Although those improvements help, Fayetteville has no formal master plan - no blueprint for the future - that could be used to transform the entirety of the Old Wilmington Road neighborhood in the same way that the city has been resurrecting downtown's Hay Street.
Now that Hope VI is almost done, Sharpe said, the city expects to start working on a master plan later this year.
City leaders might want to take a page from Atlanta, which transformed a neighborhood deep in the grip of crime and violence into a model that is being replicated - in varied forms - by cities across the country.
Leaders of Atlanta's East Lake neighborhood initiative say there are three keys to real transformation: mixing residents who are poor with middle-class families, establishing quality education in the community, and creating effective health and wellness programs.
They say no Hope VI or similar federal housing programs can fully pull a neighborhood out of despair without those other components.
The Observer visited the East Lake neighborhood this month as part of its yearlong "Seeking Safety" series, which examines potential solutions to Fayetteville's crime problems. The Observer also visited Spartanburg, S.C., which is adopting many of the same methods that have worked so well in Atlanta.
In 1993, Atlanta developer and philanthropist Tom Cousins paid $4.5 million for Atlanta's East Lake Golf Club, the home course of the legendary Bobby Jones. The course was in disrepair and bound for receivership when he bought it.
Across the street from the golf course sat East Lake Meadows, a brick and cinder-block fortress of public housing where violent crime was 18 times the national average.

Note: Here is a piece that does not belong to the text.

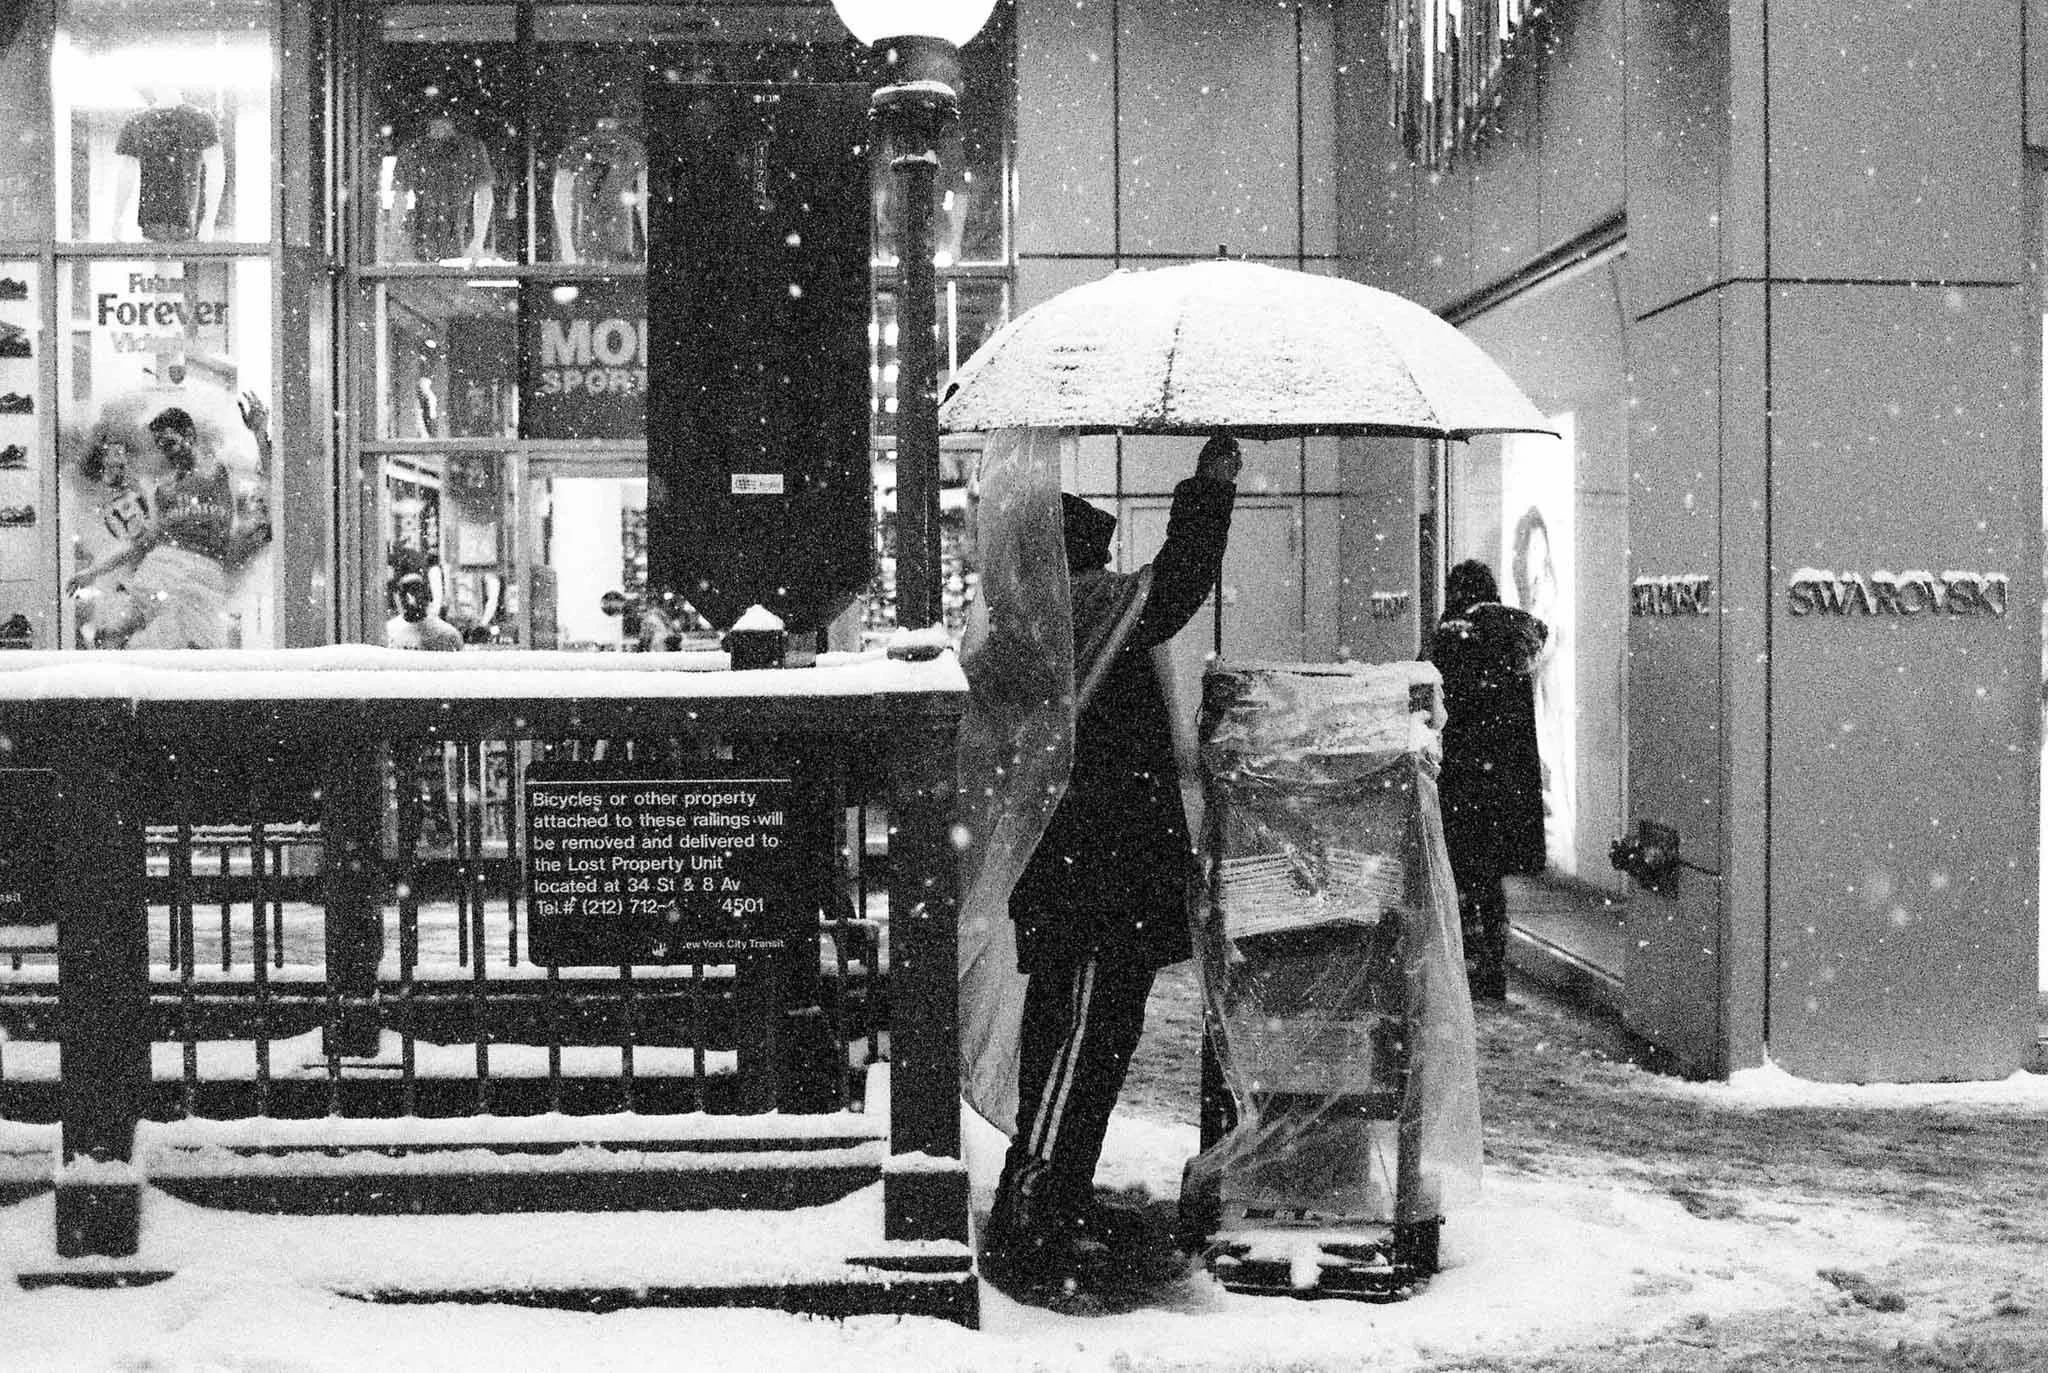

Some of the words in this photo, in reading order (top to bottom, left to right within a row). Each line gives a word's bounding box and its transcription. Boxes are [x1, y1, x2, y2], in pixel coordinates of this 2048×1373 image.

Of the 650 apartments, 40 percent did not meet federal housing standards. About 87 percent of residents were unemployed, and only 5 percent of fifth-graders could pass the state's math test. Fewer than 30 percent of students graduated from high school.
About the same time Cousins bought the golf course, he read a New York Times article that said most of the people in New York's prisons came from only eight neighborhoods.

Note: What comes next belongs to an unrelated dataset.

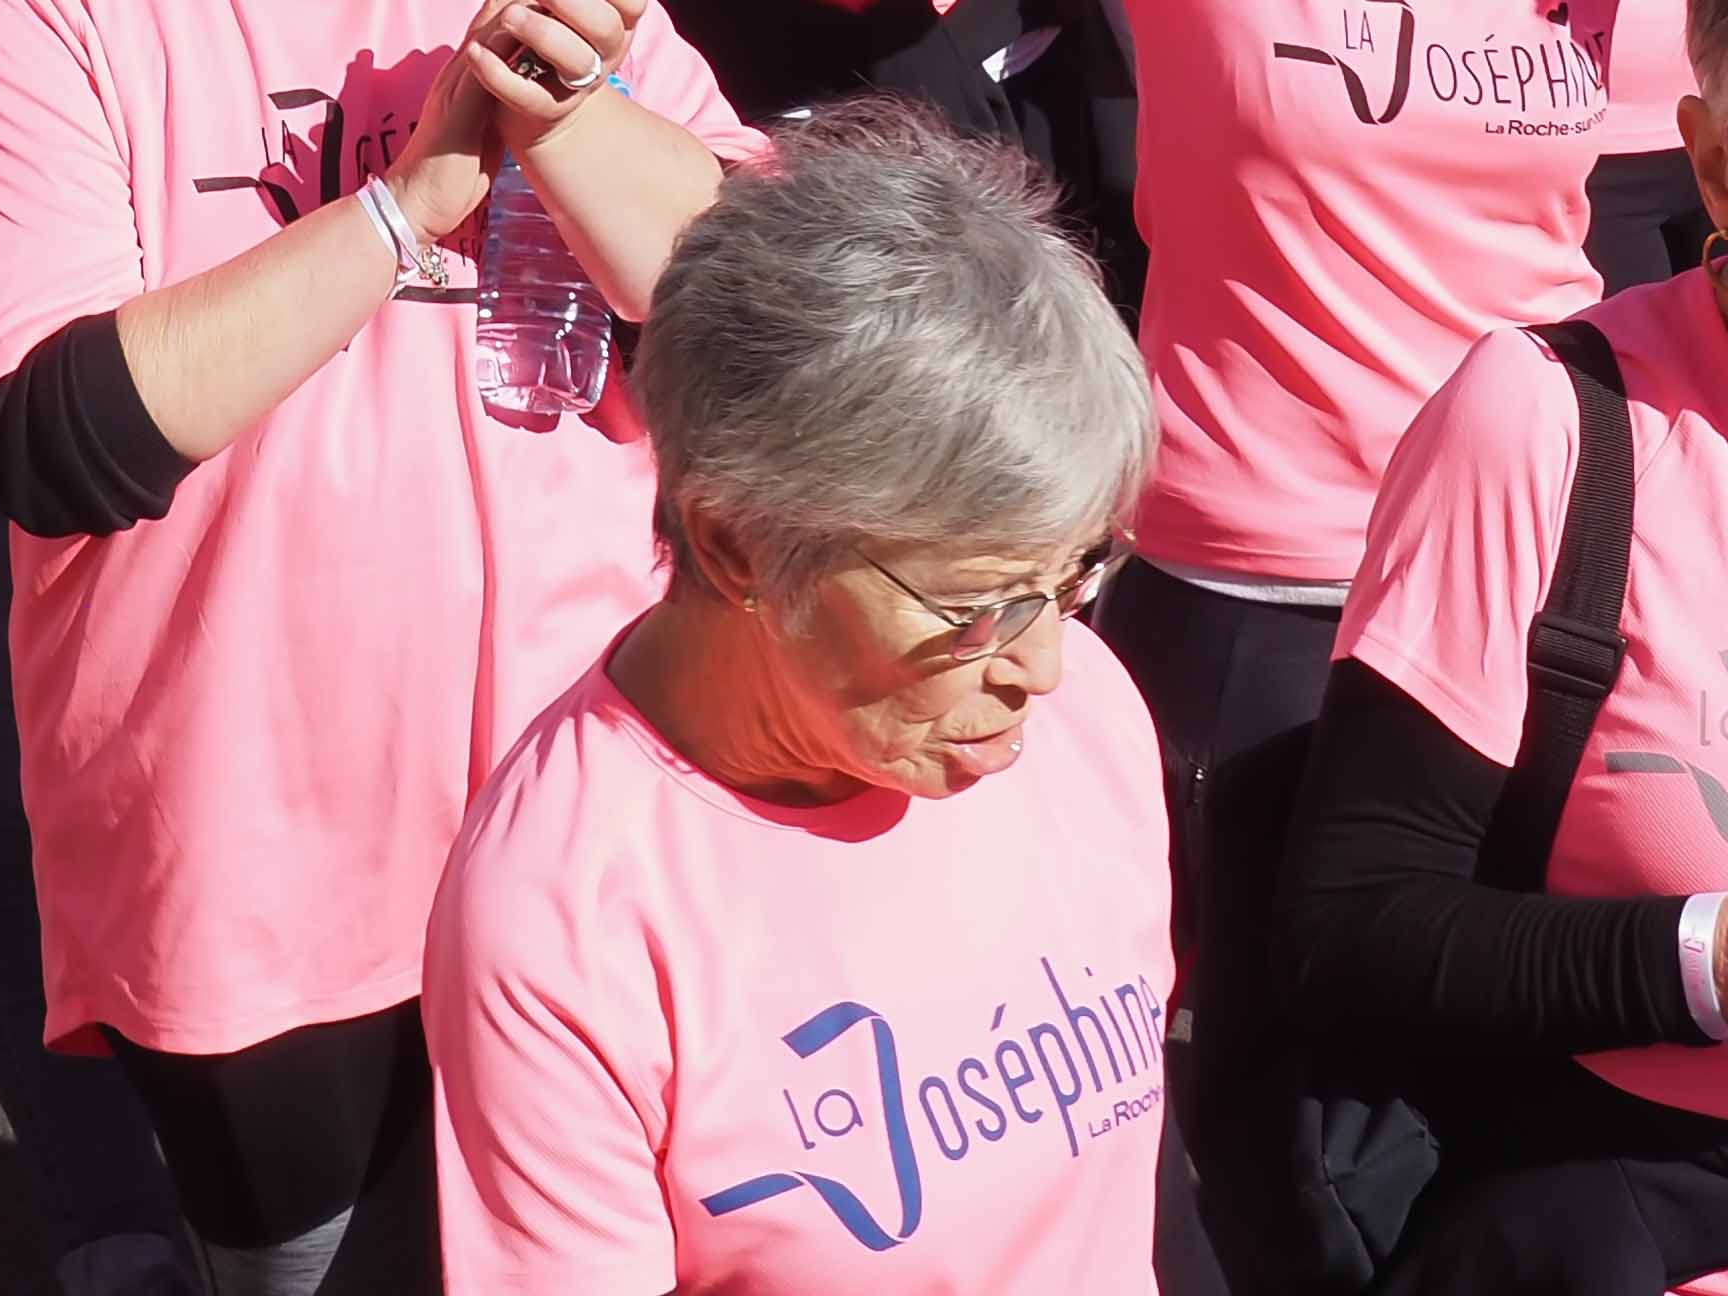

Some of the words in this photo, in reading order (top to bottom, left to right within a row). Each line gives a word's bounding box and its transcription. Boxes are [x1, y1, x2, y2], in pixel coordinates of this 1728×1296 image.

[1343, 9, 1374, 53] LA
[1486, 121, 1505, 134] La
[784, 1089, 863, 1150] la
[1088, 1116, 1113, 1138] La

With a little research, Cousins found that the situation was similar in Georgia. From that moment on, Cousins linked the redevelopment of the golf course to the transformation of the East Lake neighborhood.
Cousins began his golf course project by charging corporations $50,000 for a membership. He asked those corporations to donate $250,000 to improve the East Lake neighborhood. Almost all of them did.
Carol Naughton was a lawyer for the Atlanta Housing Authority. She remembers meeting with neighborhood residents and dozens of other people engaged in the project for two years to forge a master plan for East Lake.
In 2001, when Cousins established the nonprofit East Lake Foundation to guide his vision, Naughton was named executive director. The foundation became the lead organization, responsible for seeing that the master plan stayed on track.
The first order of business was to demolish the East Lake Meadows housing project. That happened in 1996, using money from the golf course donations.
New apartment complexes took root in the housing project's place and elsewhere on the 175-acre tract. The new housing was funded, in part, through a federal program similar to Hope VI, Naughton said.
As was the case with the Hope VI project in Fayetteville, some of the people who were relocated during construction of the new housing were offered the opportunity to come back provided they were elderly, had a job or were actively seeking one. About 25 percent returned, Naughton said. The same percentage returned after Hope VI housing was built in Fayetteville.
New housing was just the beginning of the East Lake project.
The centerpiece of the metamorphosis is the Charles R. Drew Charter School, which replaced an old public school on the same site. The charter school now educates students in kindergarten through the ninth grade. Pre-kindergartners go to an early learning center inside the school.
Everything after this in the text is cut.